Quatro dias antes do artigo de Mourão, o Ministério da Defesa anulava o compromisso de gasto de 145,4 milhões com o microssatélite. O documento da Defesa, de 15 de setembro, menciona uma determinação interna do ministério. A análise dos registros no Tesouro Nacional mostra, porém, que foi mantida intacta a dotação de 408,7 milhões de reais da ação intitulada Proteção, fiscalização e combate a ilícitos na Amazônia Legal, até ali financiada integralmente com recursos recuperados pela Operação Lava Jato. Não houve corte.
Seguindo o caminho do dinheiro no orçamento do Ministério da Defesa, vê-se que parte do dinheiro da Lava Jato que compraria o satélite foi transferido para a Operação Verde Brasil 2, de combate ao desmatamento, numa simples troca de fontes de recursos. Na sequência, o dinheiro da Lava Jato começou a ser gasto na compra de peças e na manutenção de aeronaves pelo Exército e pela Aeronáutica. Em duas ações voltadas à Amazônia, o Ministério da Defesa foi autorizado a gastar em 2020 827,3 milhões de reais, o equivalente a 257 vezes o orçamento do Inpe neste ano para o monitoramento por satélites dentro e fora da Amazônia.
Jair Bolsonaro tem dado apoio ao avanço do controle militar da Amazônia e ao aparelhamento das Forças Armadas. Em junho, o presidente participou da inauguração do Centro de Operações Espaciais (Cope), em Brasília, peça da Estratégia Nacional de Defesa na Área Espacial. O projeto de lei orçamentária para 2021 prevê para a continuidade da implantação e a manutenção do Programa Estratégico de Sistemas Espaciais mais de 12 milhões de reais, quatro vezes o que o mesmo projeto reserva ao monitoramento por satélites do Inpe.

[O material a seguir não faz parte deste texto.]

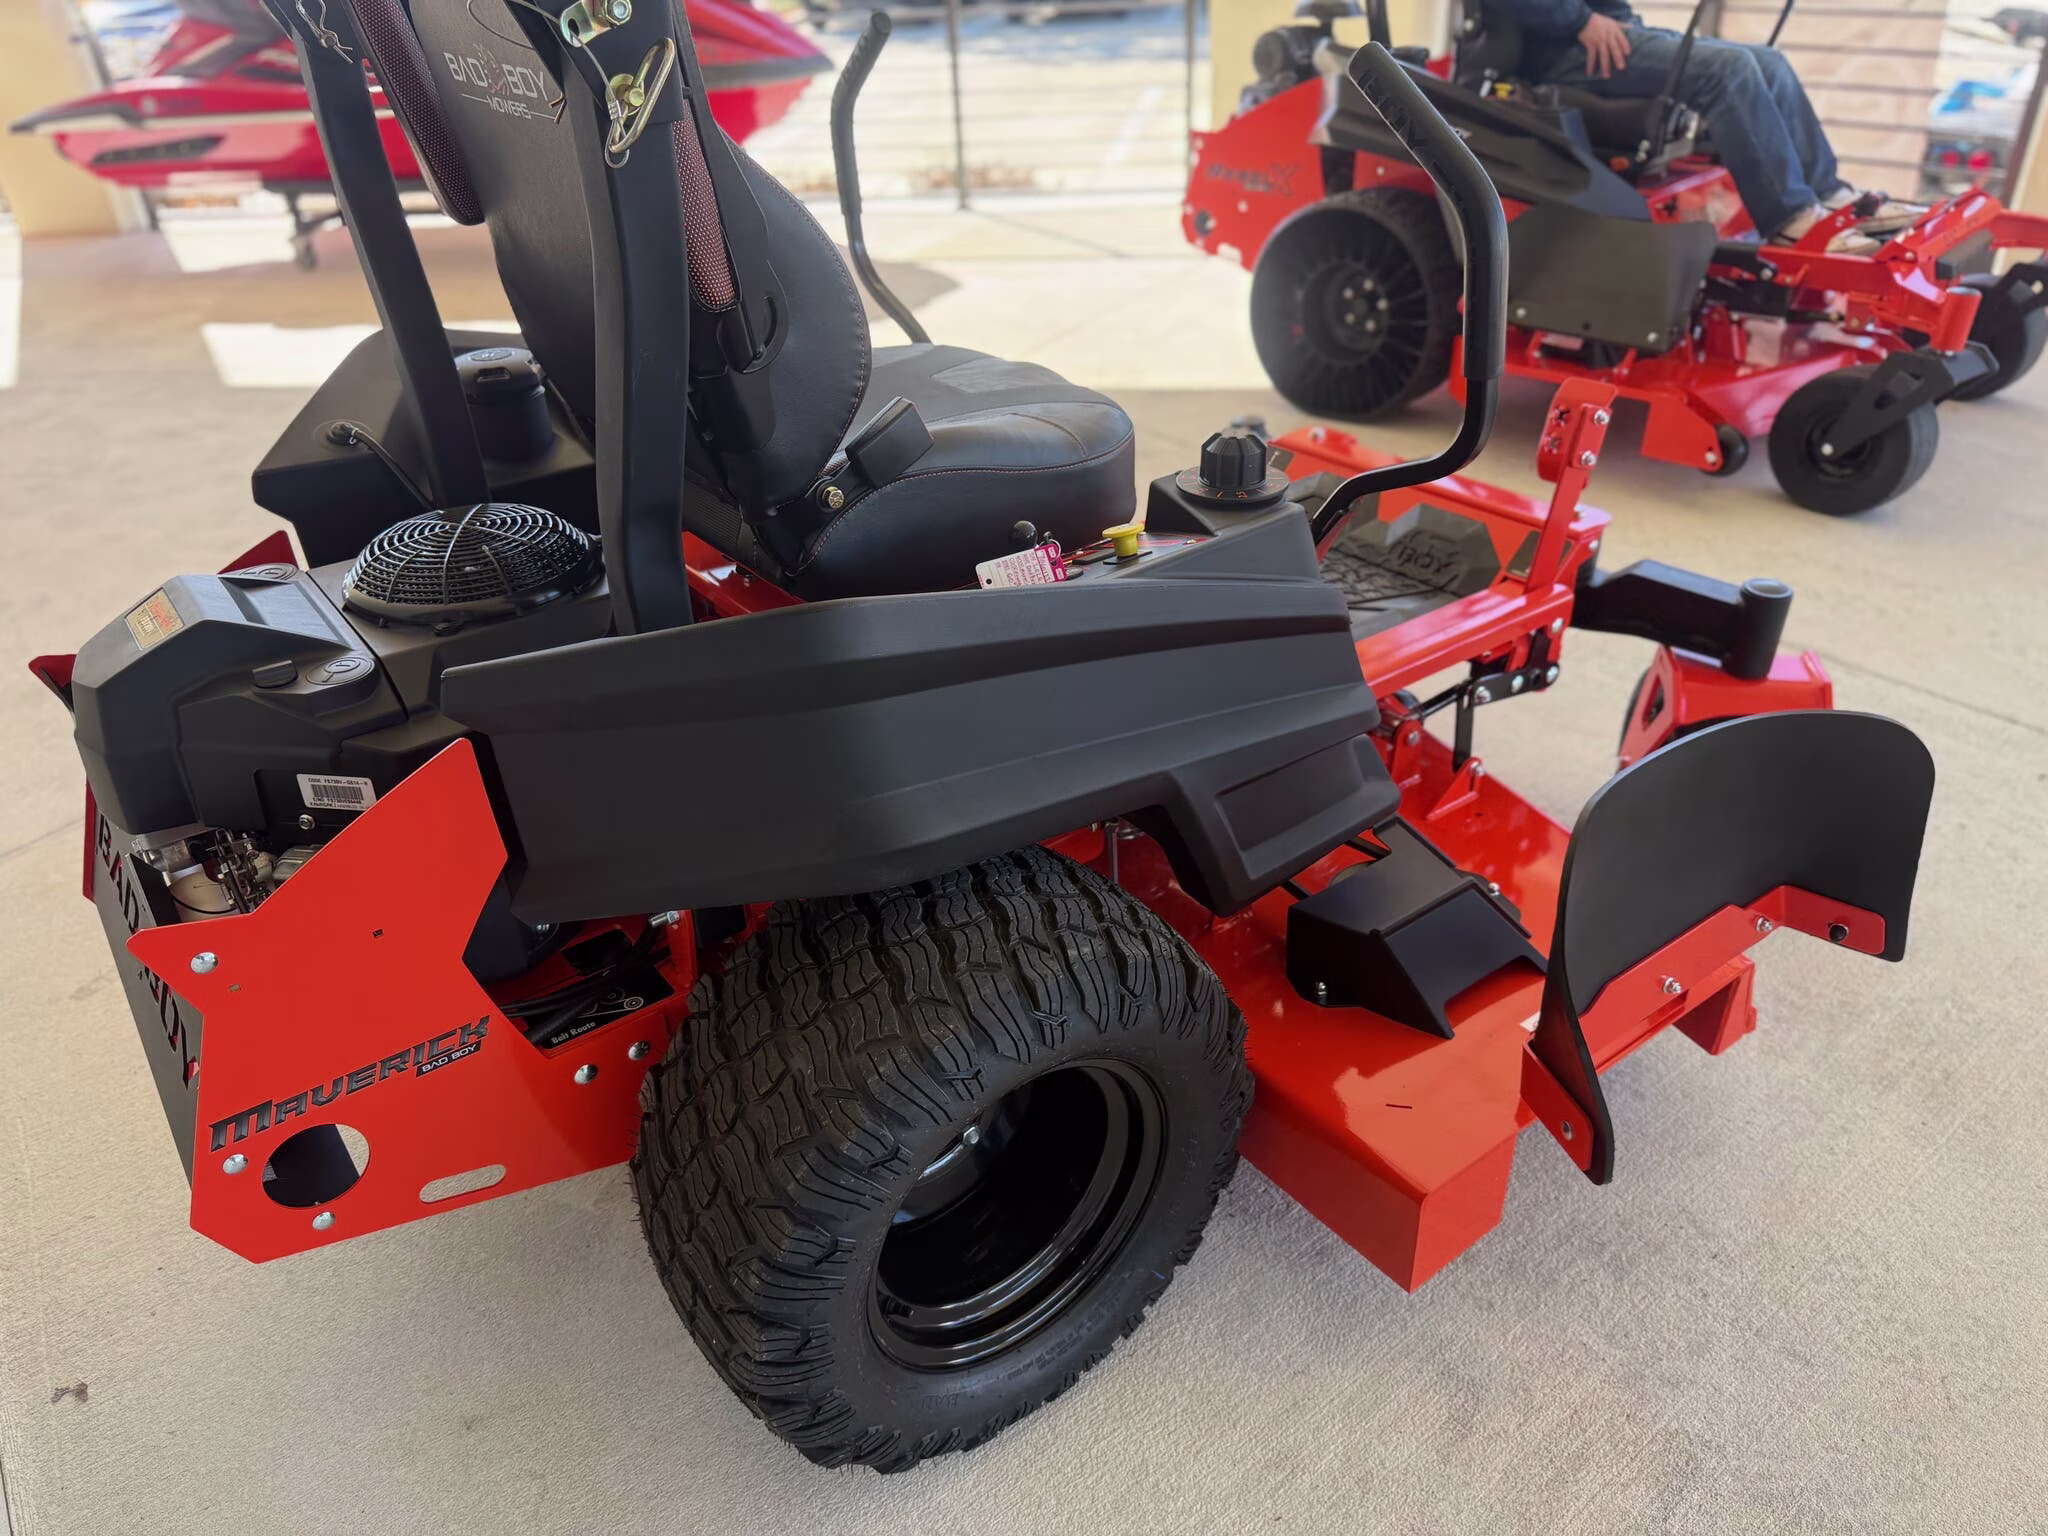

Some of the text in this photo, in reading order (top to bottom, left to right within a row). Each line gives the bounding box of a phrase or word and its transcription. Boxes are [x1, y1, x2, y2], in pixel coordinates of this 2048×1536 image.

[443, 52, 549, 101] BAD BOY
[486, 95, 532, 120] MOWERS
[551, 1021, 597, 1044] Belt Route
[421, 1043, 478, 1073] BAD BOY
[208, 1015, 490, 1152] MAVERICK
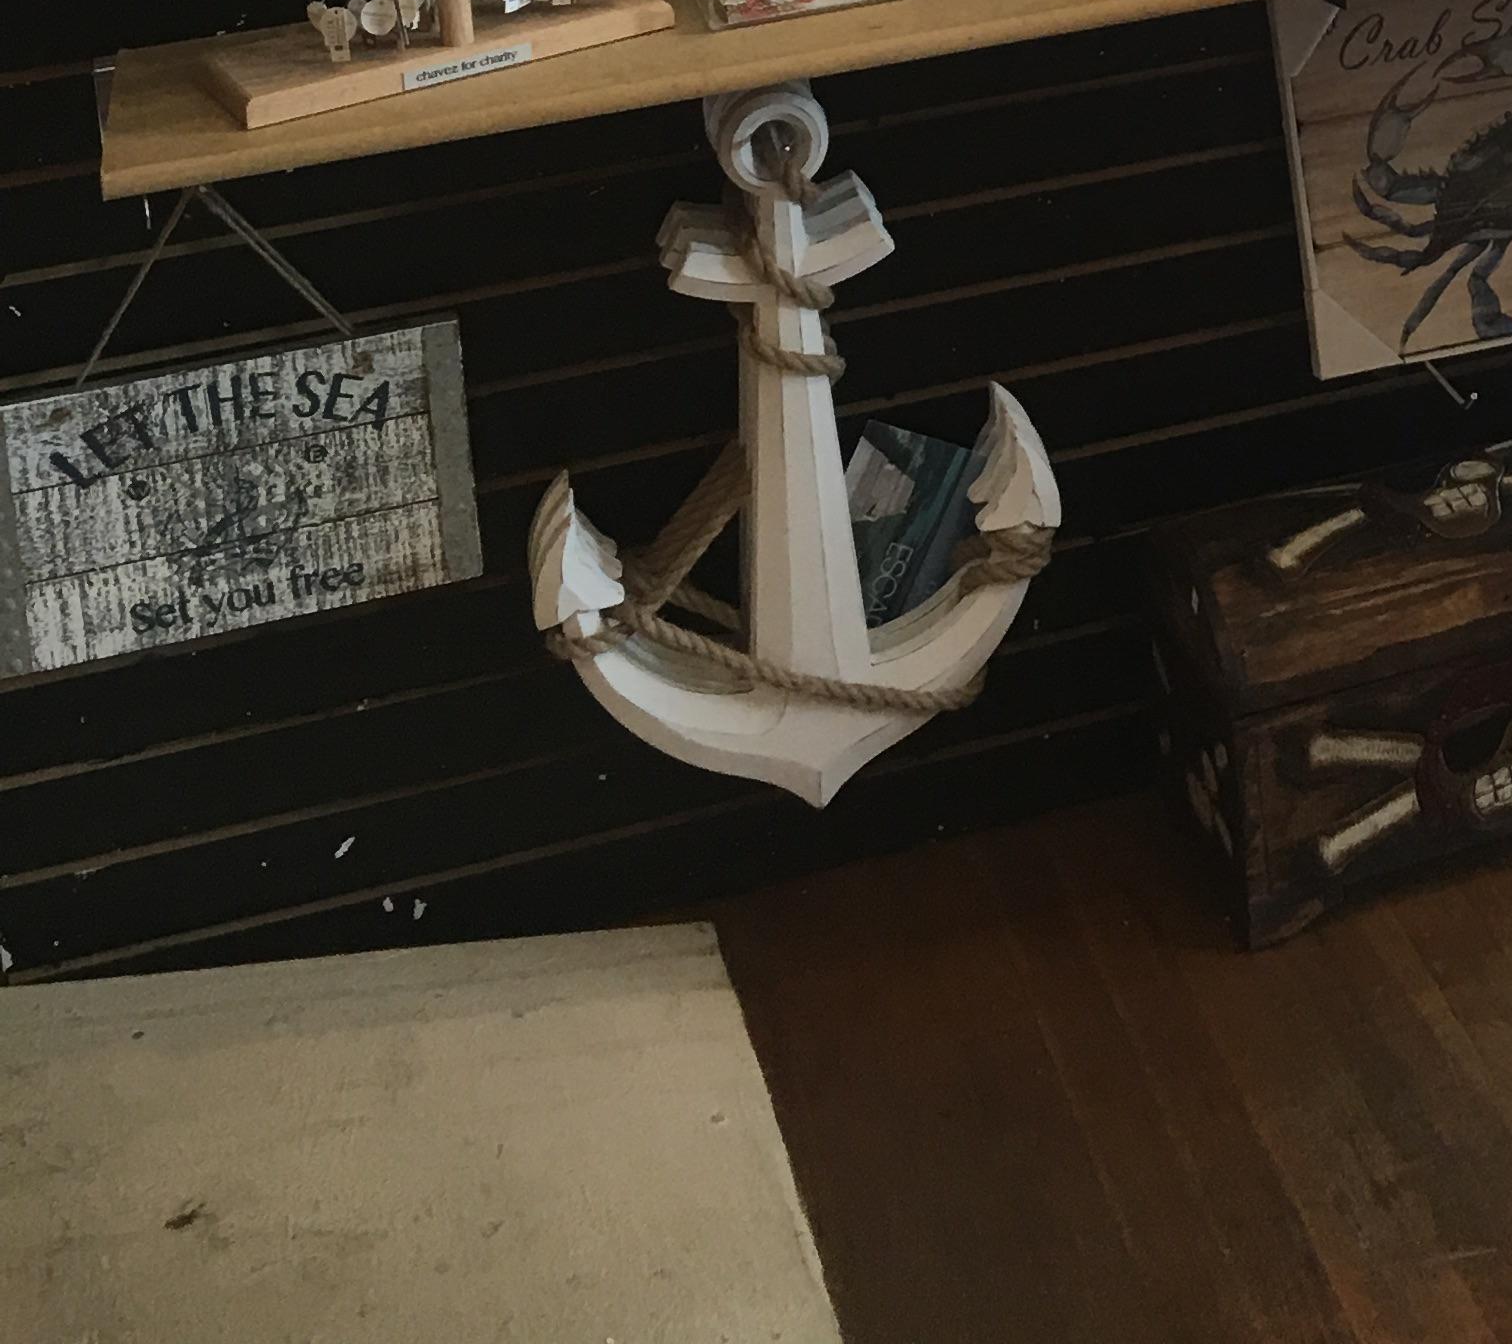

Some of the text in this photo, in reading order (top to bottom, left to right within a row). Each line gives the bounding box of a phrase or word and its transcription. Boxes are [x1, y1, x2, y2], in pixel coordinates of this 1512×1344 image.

[416, 50, 518, 82] chavez for charity
[1339, 8, 1453, 72] Crab
[49, 370, 391, 489] LET THE SEA
[202, 578, 277, 628] you
[289, 560, 366, 600] free
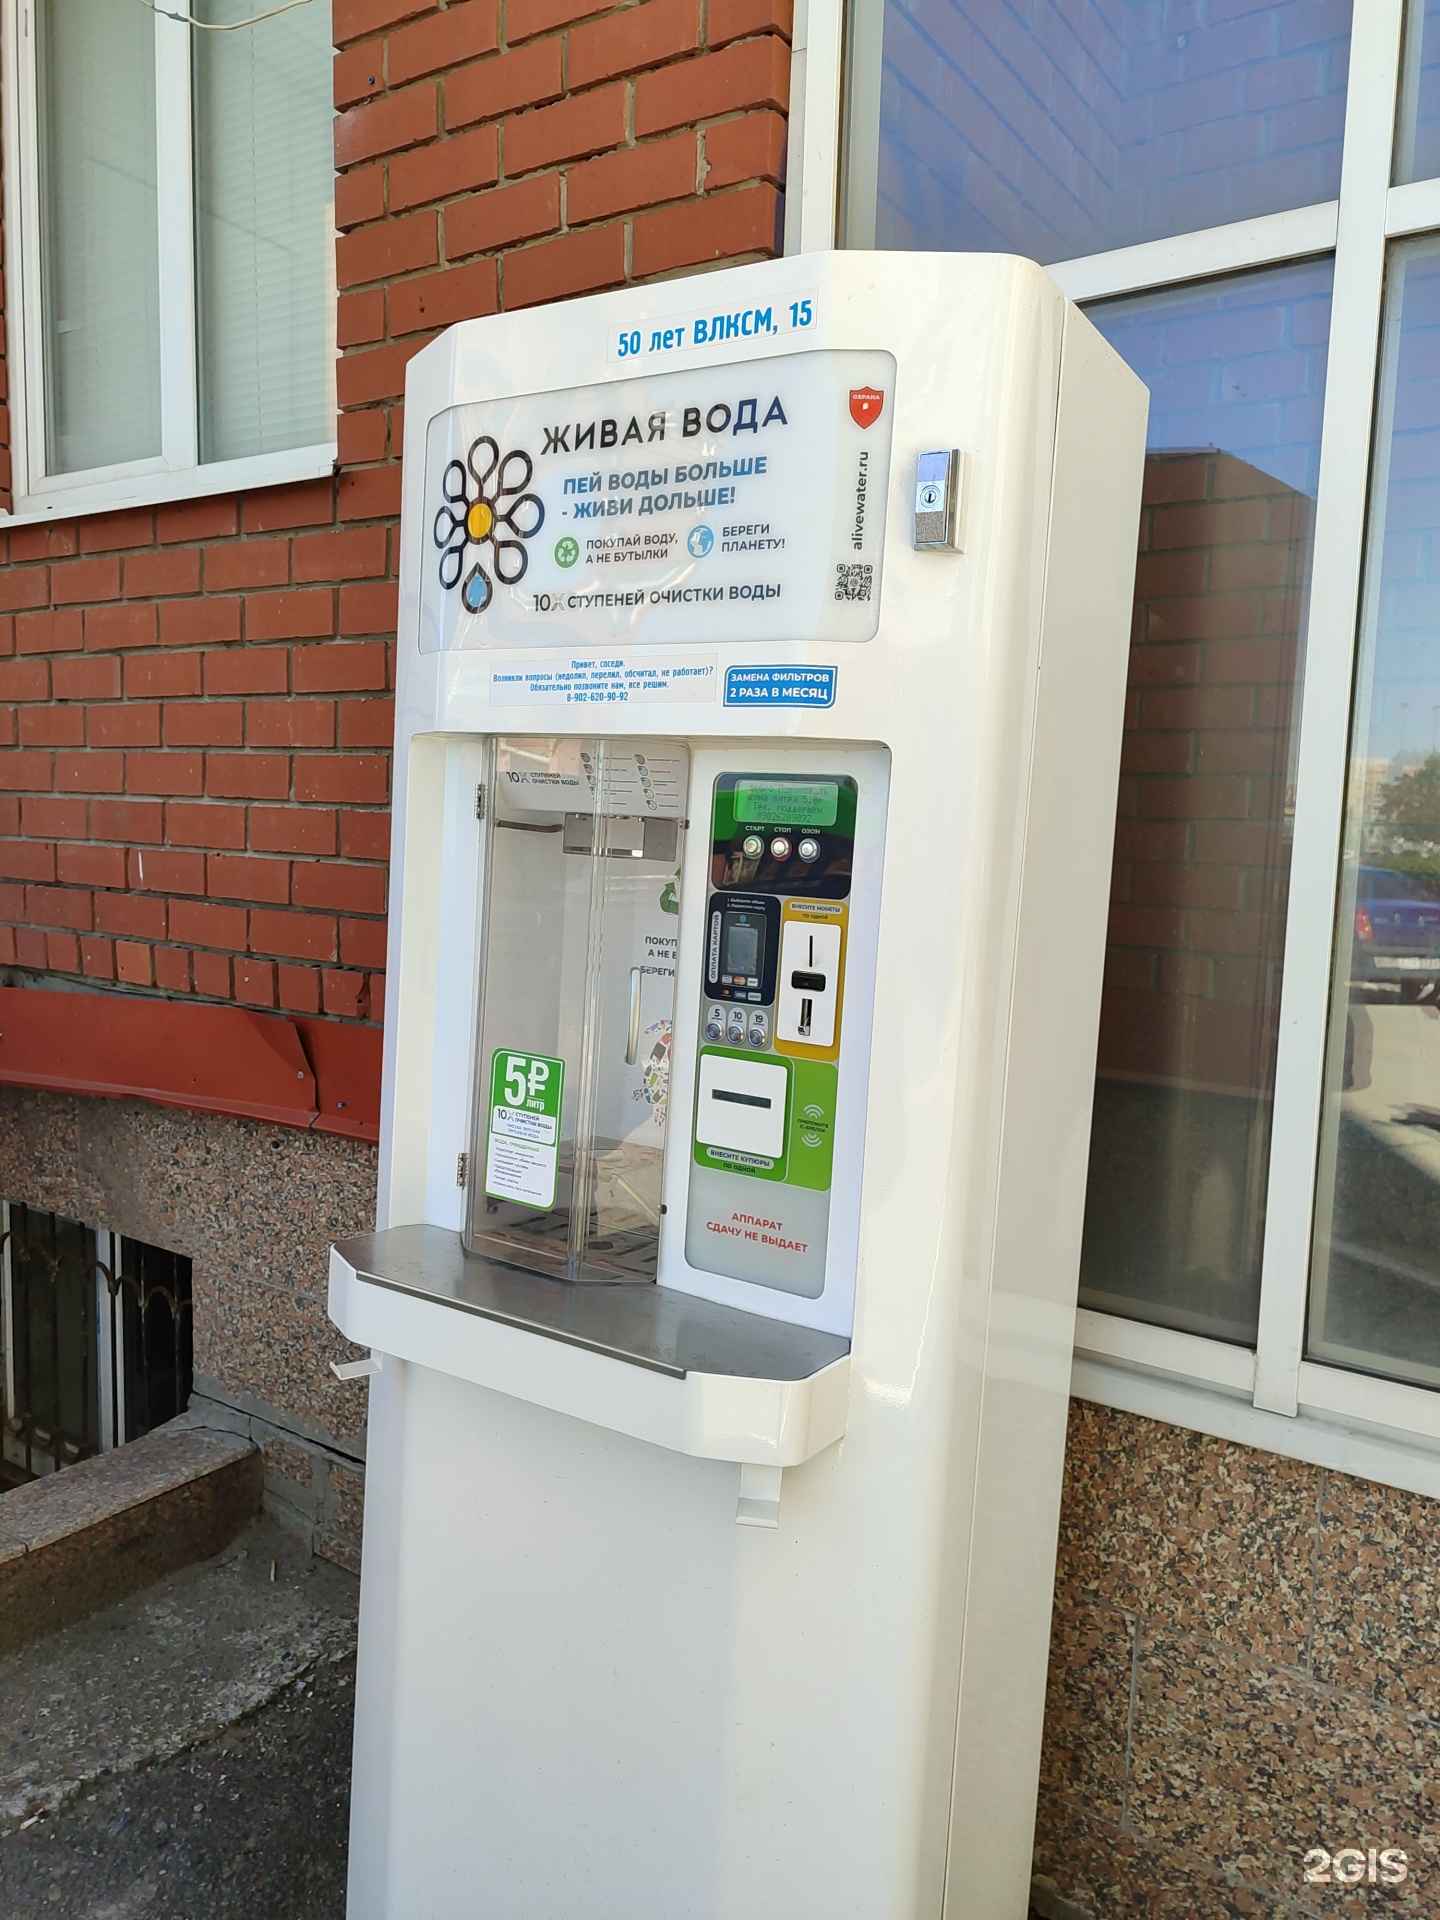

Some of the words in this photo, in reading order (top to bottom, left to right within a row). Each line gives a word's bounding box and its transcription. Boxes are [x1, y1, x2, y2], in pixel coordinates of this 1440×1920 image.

[617, 330, 641, 357] 50
[648, 327, 685, 352] лет
[693, 307, 778, 344] ВЛКСМ,
[789, 300, 812, 327] 15
[540, 411, 666, 455] ЖИВАЯ
[682, 395, 788, 438] ВОДА
[563, 471, 602, 495] ПЕЙ
[608, 467, 668, 491] ВОДЫ
[674, 456, 768, 483] БОЛЬШЕ
[573, 498, 633, 519] ЖИВИ
[638, 486, 736, 516] ДОЛЬШЕ!
[851, 451, 869, 550] alivewater.ru
[722, 523, 770, 537] БЕРЕГИ
[586, 535, 641, 550] ПОКУПАЙ
[644, 532, 679, 546] ВОДУ,
[721, 538, 785, 553] ПЛАНЕТУ!
[585, 554, 593, 564] А
[596, 553, 611, 564] НЕ
[613, 549, 669, 563] БУТЫЛКИ
[567, 590, 645, 609] СТУПЕНЕЙ
[650, 586, 724, 605] ОЧИСТКИ
[729, 583, 781, 600] ВОДЫ
[730, 673, 769, 682] ЗАМЕНА
[771, 673, 830, 683] ФИЛЬТРОВ
[566, 692, 629, 702] 8-902-620-90-92
[730, 688, 737, 697] 2
[739, 688, 768, 697] РАЗА
[771, 688, 779, 697] В
[782, 688, 828, 700] МЕСЯЦ
[648, 949, 655, 957] А
[657, 950, 670, 959] НЕ
[714, 1009, 720, 1017] 5
[733, 1011, 742, 1020] 10
[731, 1212, 783, 1232] АППАРАТ
[706, 1221, 743, 1237] СДАЧУ
[744, 1230, 758, 1241] НЕ
[761, 1234, 809, 1253] ВЫДАЕТ

Enquanto isso, segue o imbróglio do microssatélite, acompanhado agora por ataques à transparência nos gastos públicos. O regimento interno da Junta de Execução Orçamentária, estabelecido por resolução assinada em maio deste ano pelos ministros Paulo Guedes e Braga Netto, diz que as reuniões são reservadas, mas não as suas decisões. Tudo deve ser relatado em atas. Ao torná-las confidenciais, o governo aposta na opacidade.
MARTA SALOMON
Jornalista especializada em políticas públicas e doutora em Desenvolvimento Sustentável (UnB), trabalhou na Folha de S. Paulo e no Estado de S. Paulo.